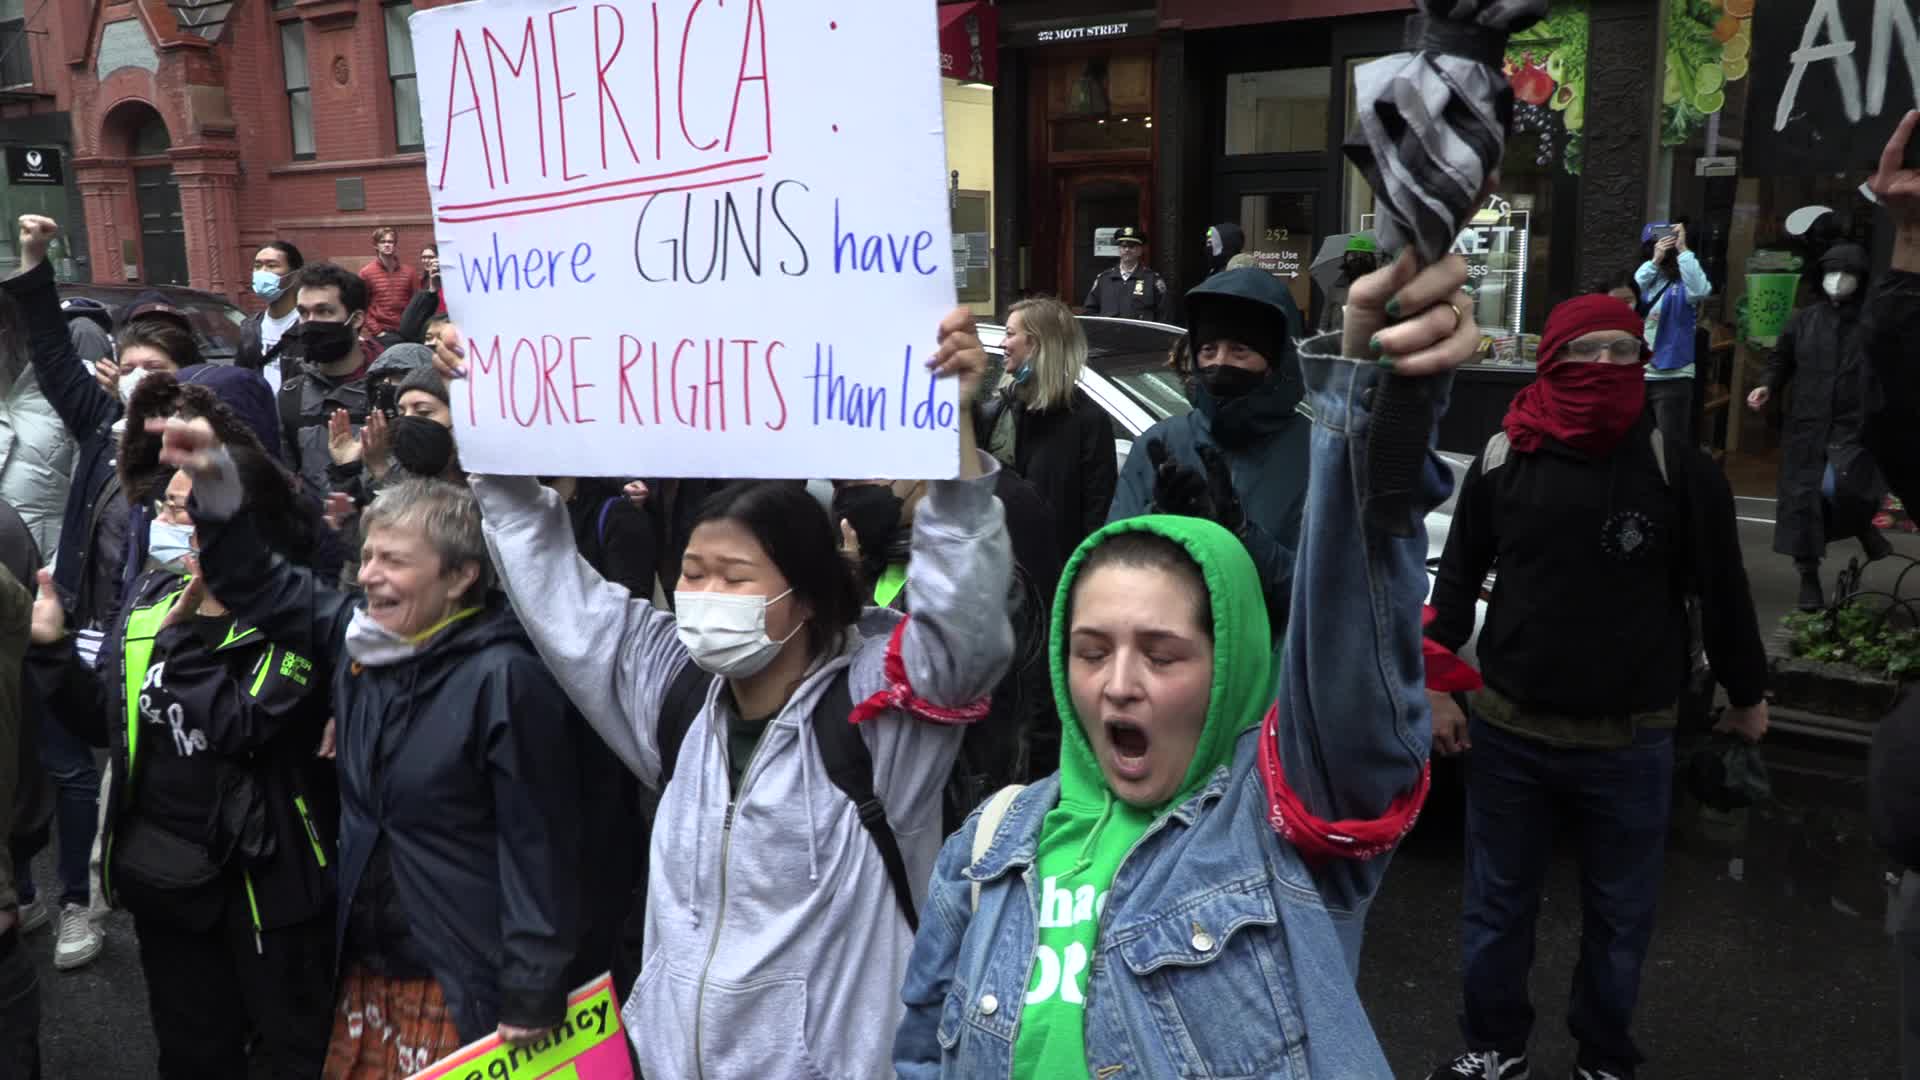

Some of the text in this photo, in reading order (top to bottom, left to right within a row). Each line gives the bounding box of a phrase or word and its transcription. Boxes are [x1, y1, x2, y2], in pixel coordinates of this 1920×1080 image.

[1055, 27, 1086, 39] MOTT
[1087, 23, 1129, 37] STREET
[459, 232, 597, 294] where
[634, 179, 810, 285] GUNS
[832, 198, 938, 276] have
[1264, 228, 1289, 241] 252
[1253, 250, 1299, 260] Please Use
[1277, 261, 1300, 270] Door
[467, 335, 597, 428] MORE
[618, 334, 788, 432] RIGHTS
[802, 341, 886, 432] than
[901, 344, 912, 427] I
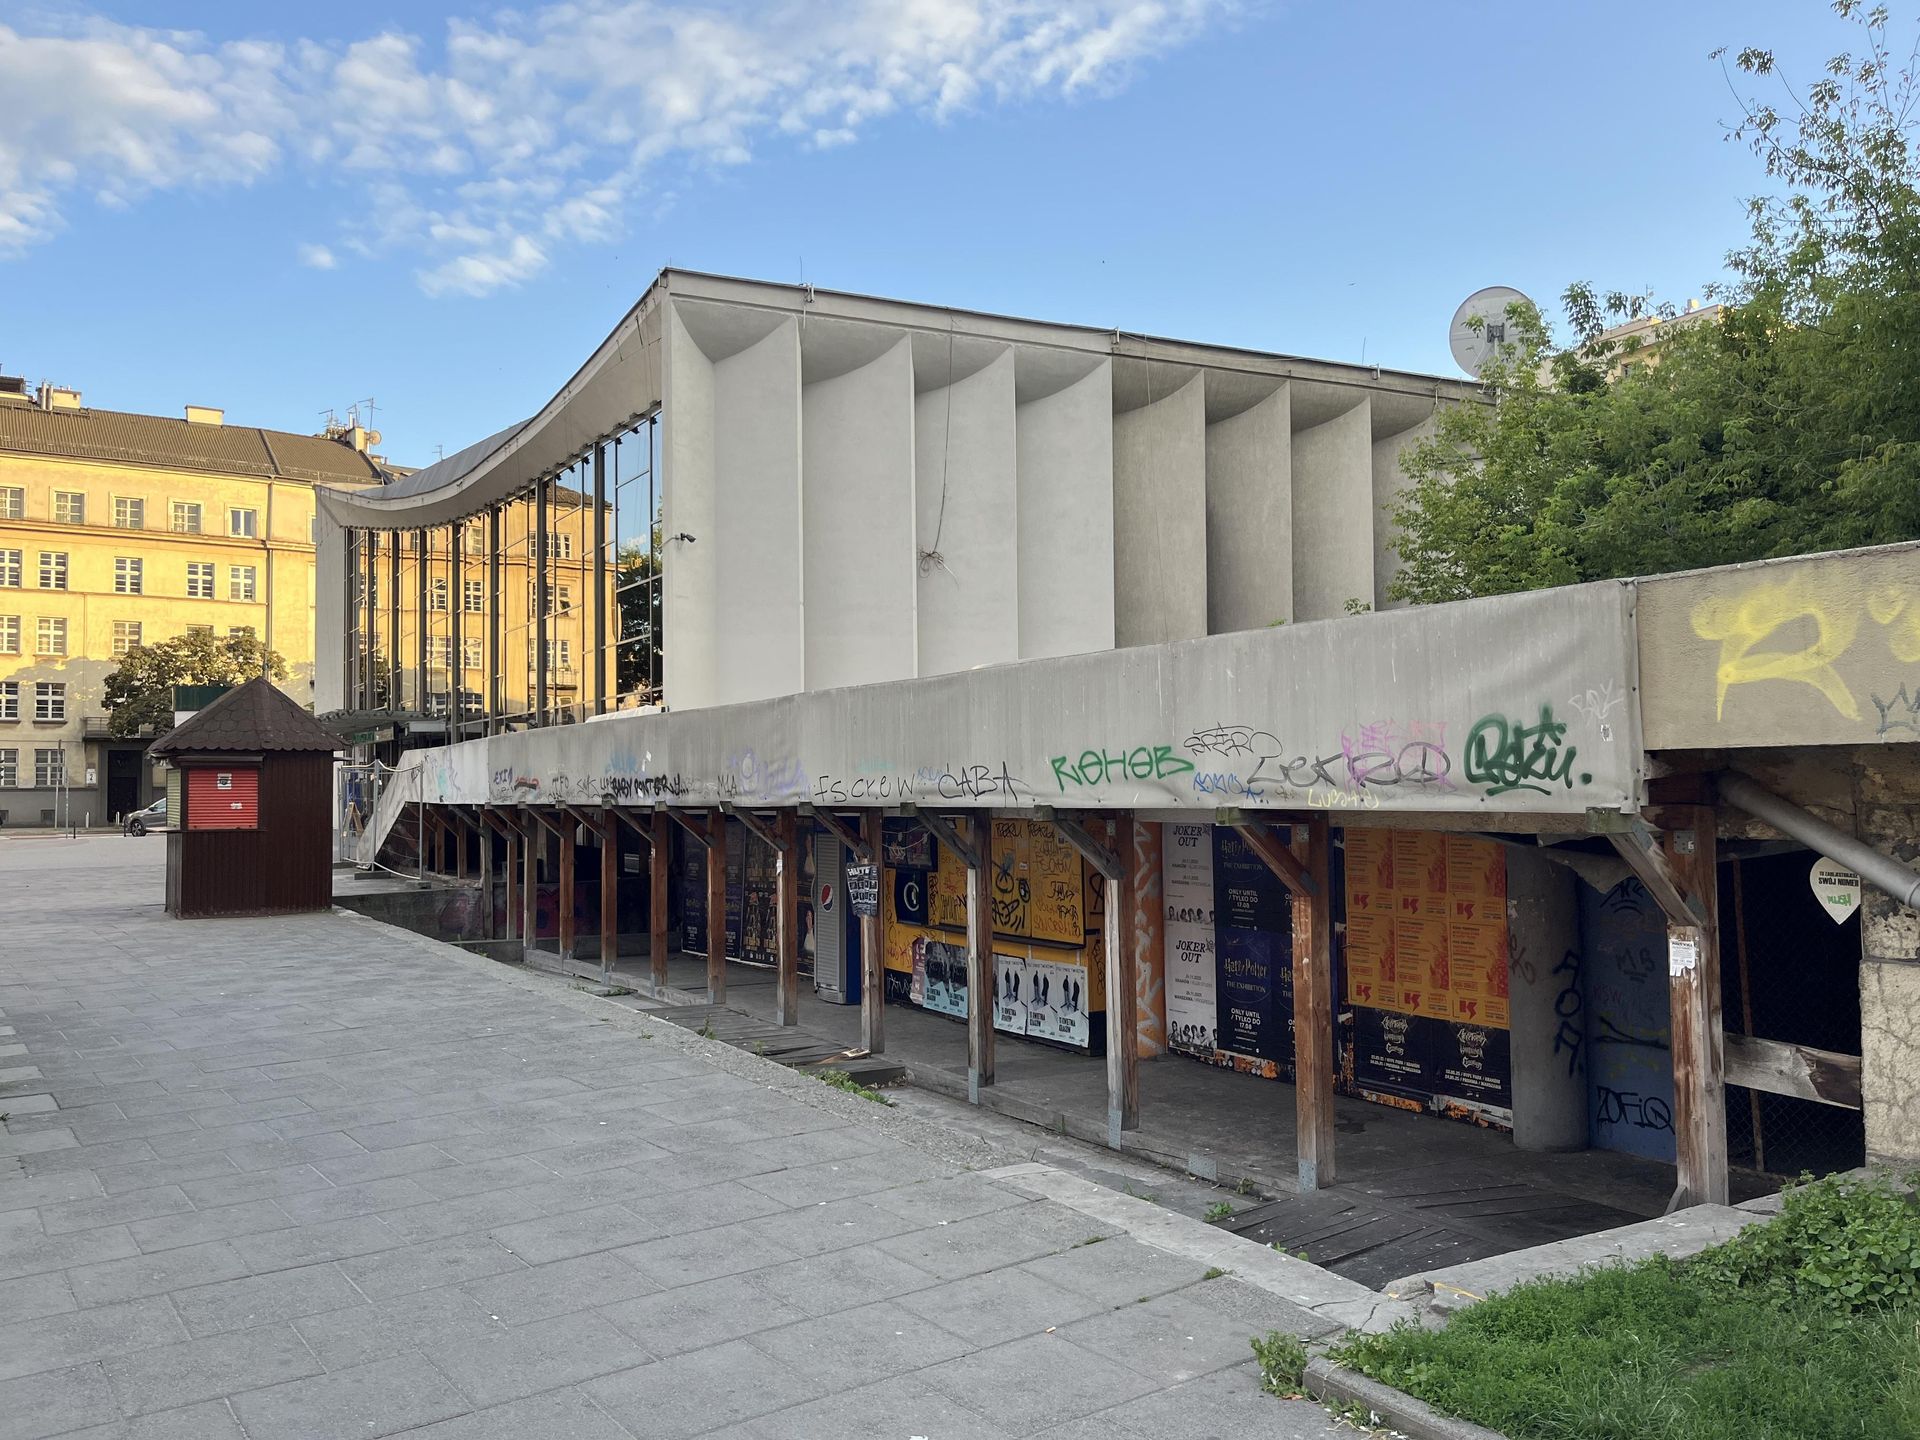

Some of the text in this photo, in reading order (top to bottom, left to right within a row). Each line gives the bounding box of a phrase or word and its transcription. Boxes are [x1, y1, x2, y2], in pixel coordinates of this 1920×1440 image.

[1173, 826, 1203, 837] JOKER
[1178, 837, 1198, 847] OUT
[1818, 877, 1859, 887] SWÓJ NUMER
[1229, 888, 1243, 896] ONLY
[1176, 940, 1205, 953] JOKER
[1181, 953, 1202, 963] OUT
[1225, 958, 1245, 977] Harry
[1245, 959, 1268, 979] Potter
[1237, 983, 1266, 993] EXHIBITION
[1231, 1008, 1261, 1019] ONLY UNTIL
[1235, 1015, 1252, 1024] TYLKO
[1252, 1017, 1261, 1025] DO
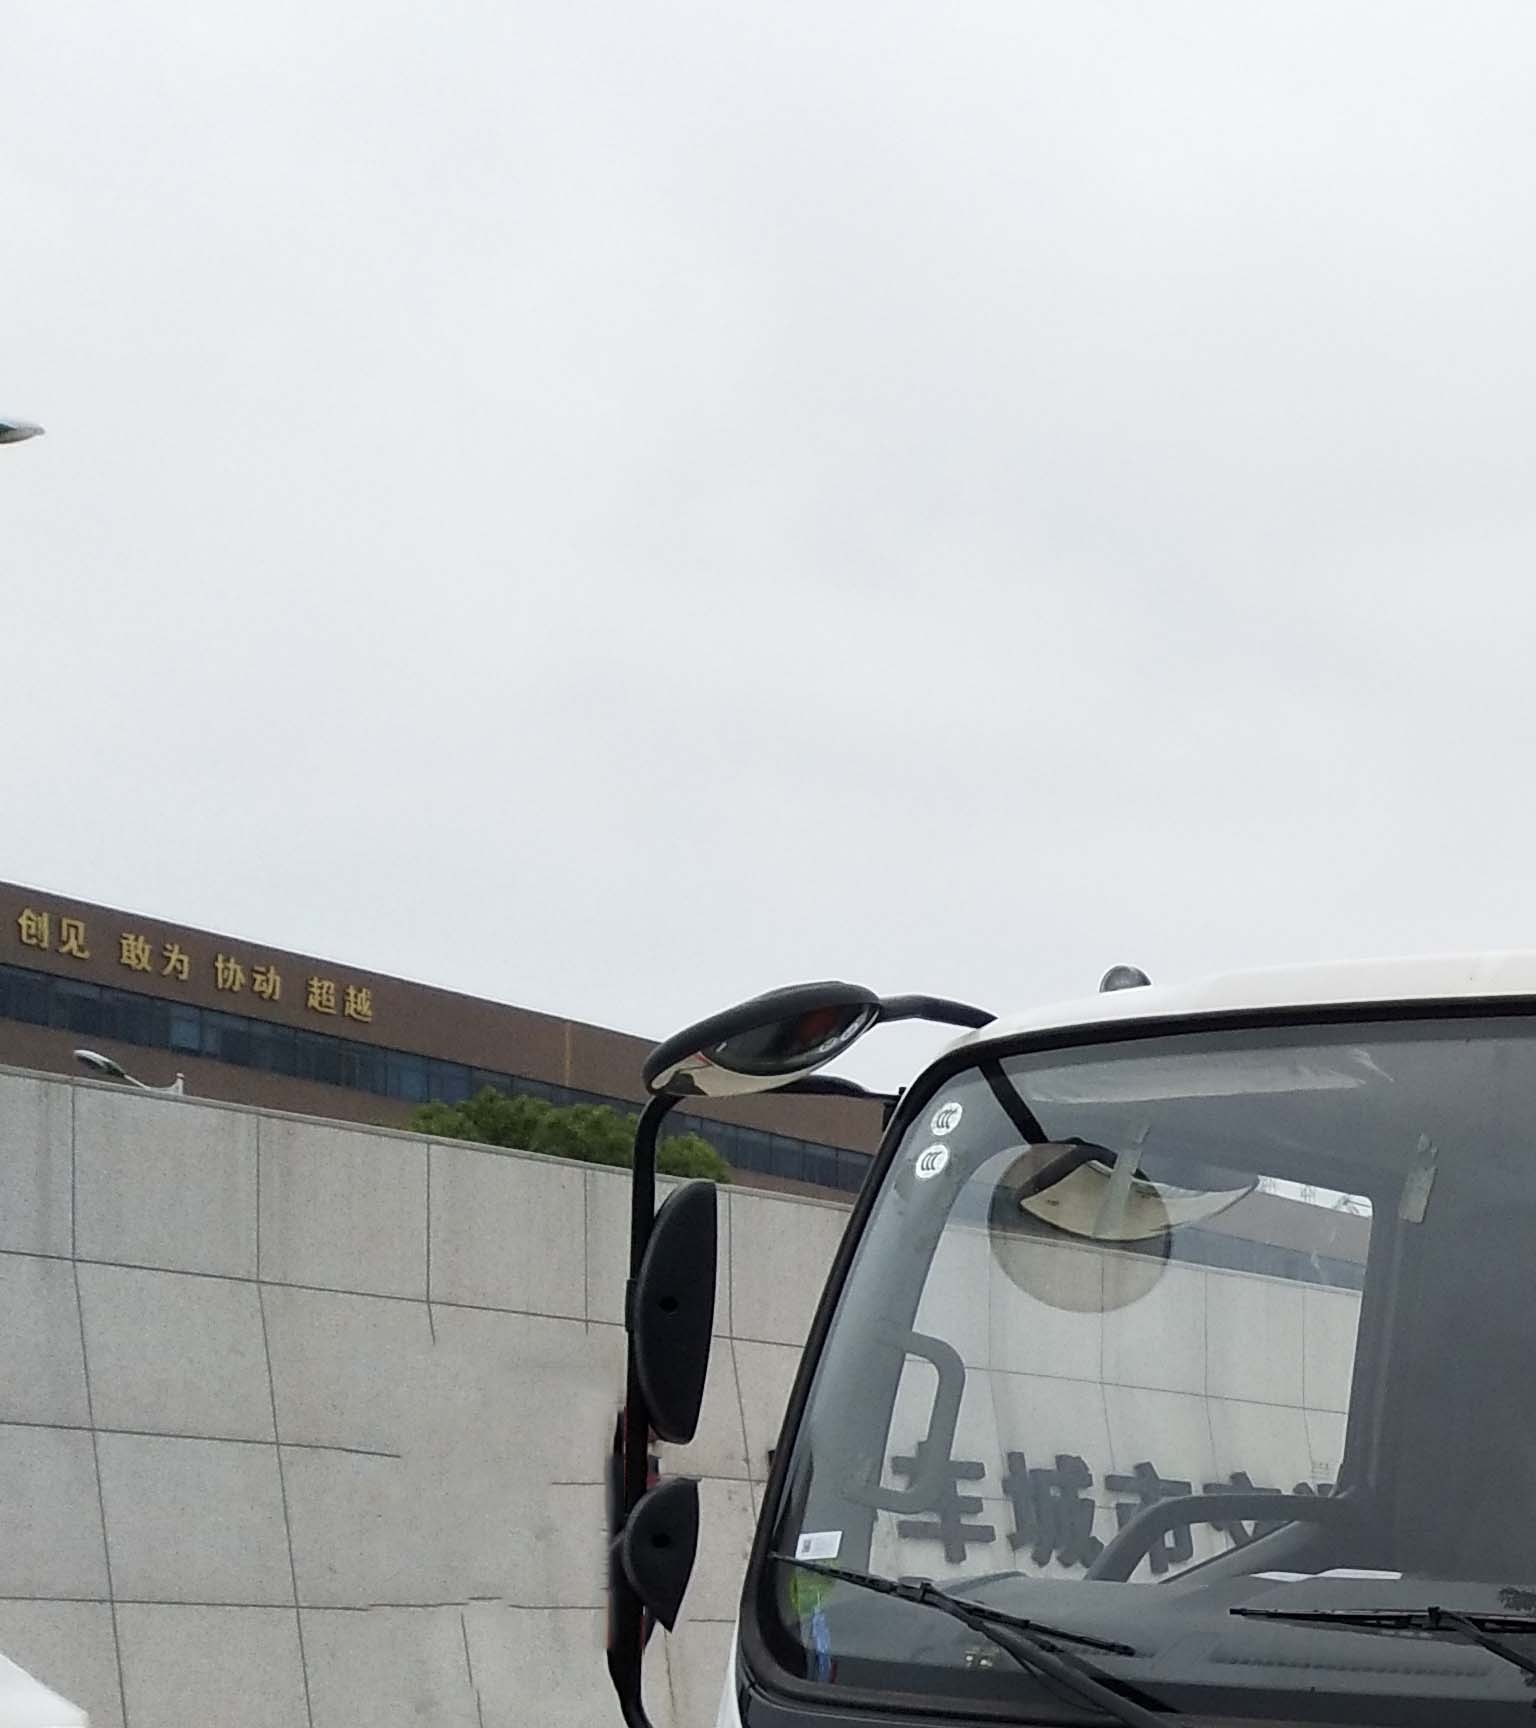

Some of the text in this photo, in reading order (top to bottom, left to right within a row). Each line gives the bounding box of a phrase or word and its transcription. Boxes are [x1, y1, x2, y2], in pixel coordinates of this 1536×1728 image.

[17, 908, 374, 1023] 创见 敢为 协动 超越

┄┄┄┄┄┄┄┄┄┄┄┄┄┄┄┄┄┄┄┄

EXERCISE INSTRUCTIONS> In the copy, every entry must appear exactly as written, and no picture may appear.

PROBLEM SOLUTION>
Some of the text in this photo, in reading order (top to bottom, left to right within a row). Each line gives the bounding box of a phrase or word and its transcription. Boxes are [x1, y1, x2, y2], in pixel coordinates of this 1920×1080 image.

[1055, 27, 1086, 39] MOTT
[1087, 23, 1129, 37] STREET
[459, 232, 597, 294] where
[634, 179, 810, 285] GUNS
[832, 198, 938, 276] have
[1264, 228, 1289, 241] 252
[1253, 250, 1299, 260] Please Use
[1277, 261, 1300, 270] Door
[467, 335, 597, 428] MORE
[618, 334, 788, 432] RIGHTS
[802, 341, 886, 432] than
[901, 344, 912, 427] I

Some of the text in this photo, in reading order (top to bottom, left to right within a row). Each line gives the bounding box of a phrase or word and its transcription. Boxes are [x1, y1, x2, y2], in pixel coordinates of this 1920×1440 image.

[1173, 826, 1203, 837] JOKER
[1178, 837, 1198, 847] OUT
[1818, 877, 1859, 887] SWÓJ NUMER
[1229, 888, 1243, 896] ONLY
[1176, 940, 1205, 953] JOKER
[1181, 953, 1202, 963] OUT
[1225, 958, 1245, 977] Harry
[1245, 959, 1268, 979] Potter
[1237, 983, 1266, 993] EXHIBITION
[1231, 1008, 1261, 1019] ONLY UNTIL
[1235, 1015, 1252, 1024] TYLKO
[1252, 1017, 1261, 1025] DO

Some of the text in this photo, in reading order (top to bottom, left to right within a row). Each line gives the bounding box of a phrase or word and its transcription. Boxes are [x1, y1, x2, y2], in pixel coordinates of this 1536×1728 image.

[17, 908, 374, 1023] 创见 敢为 协动 超越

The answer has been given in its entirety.